Brief:
Could you repeat every entry below word for word, leaving out the pictures?

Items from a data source
------------------------------
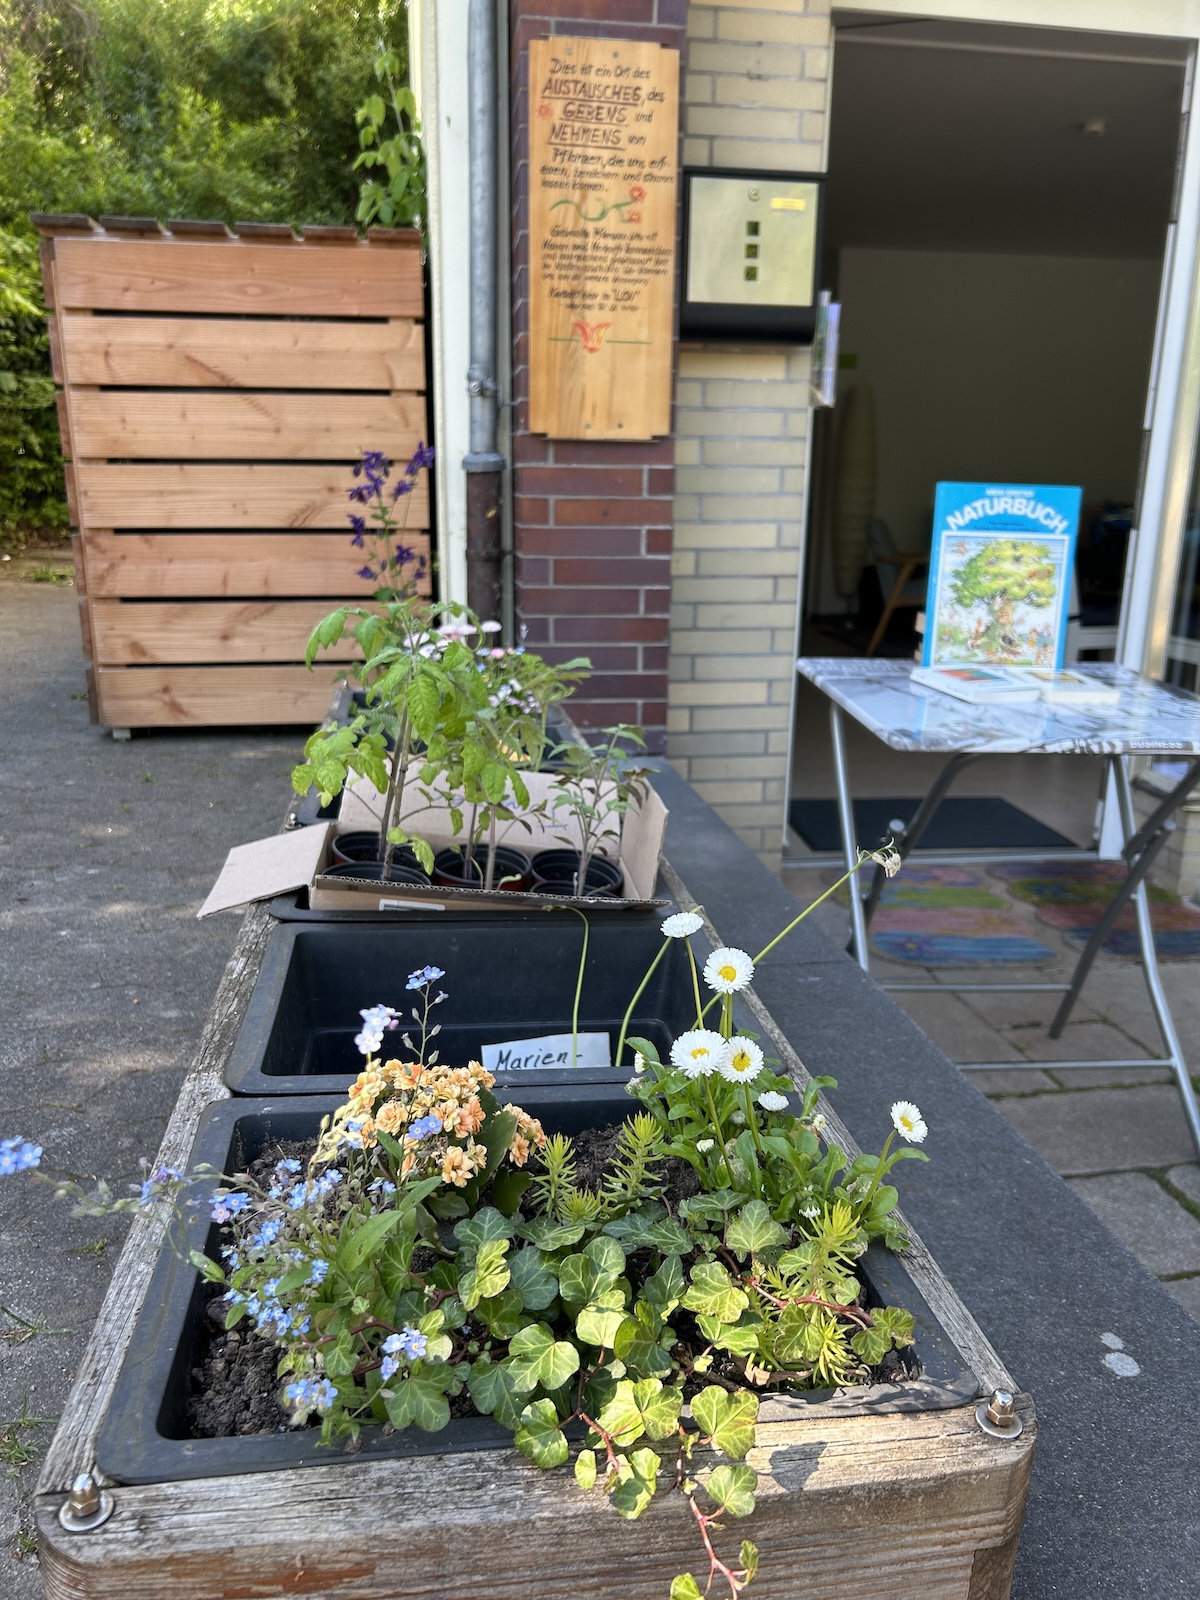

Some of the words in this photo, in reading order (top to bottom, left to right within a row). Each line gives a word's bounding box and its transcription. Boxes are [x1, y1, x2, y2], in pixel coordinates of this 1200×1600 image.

[550, 58, 577, 74] Dies
[595, 65, 612, 77] ein
[614, 64, 631, 77] Ort
[633, 67, 651, 79] des
[646, 86, 666, 103] des
[563, 101, 627, 123] GEBENS
[635, 110, 654, 123] und
[550, 123, 623, 145] NEHMENS
[607, 153, 625, 167] die
[946, 498, 1069, 535] NATURBUCH
[1129, 740, 1183, 749] BUSINESS
------------------------------
Solution for this problem:
Some of the words in this photo, in reading order (top to bottom, left to right within a row). Each line gives a word's bounding box and its transcription. Boxes are [x1, y1, x2, y2], in pixel coordinates of this 1200×1600 image.

[550, 58, 577, 74] Dies
[595, 65, 612, 77] ein
[614, 64, 631, 77] Ort
[633, 67, 651, 79] des
[646, 86, 666, 103] des
[563, 101, 627, 123] GEBENS
[635, 110, 654, 123] und
[550, 123, 623, 145] NEHMENS
[607, 153, 625, 167] die
[946, 498, 1069, 535] NATURBUCH
[1129, 740, 1183, 749] BUSINESS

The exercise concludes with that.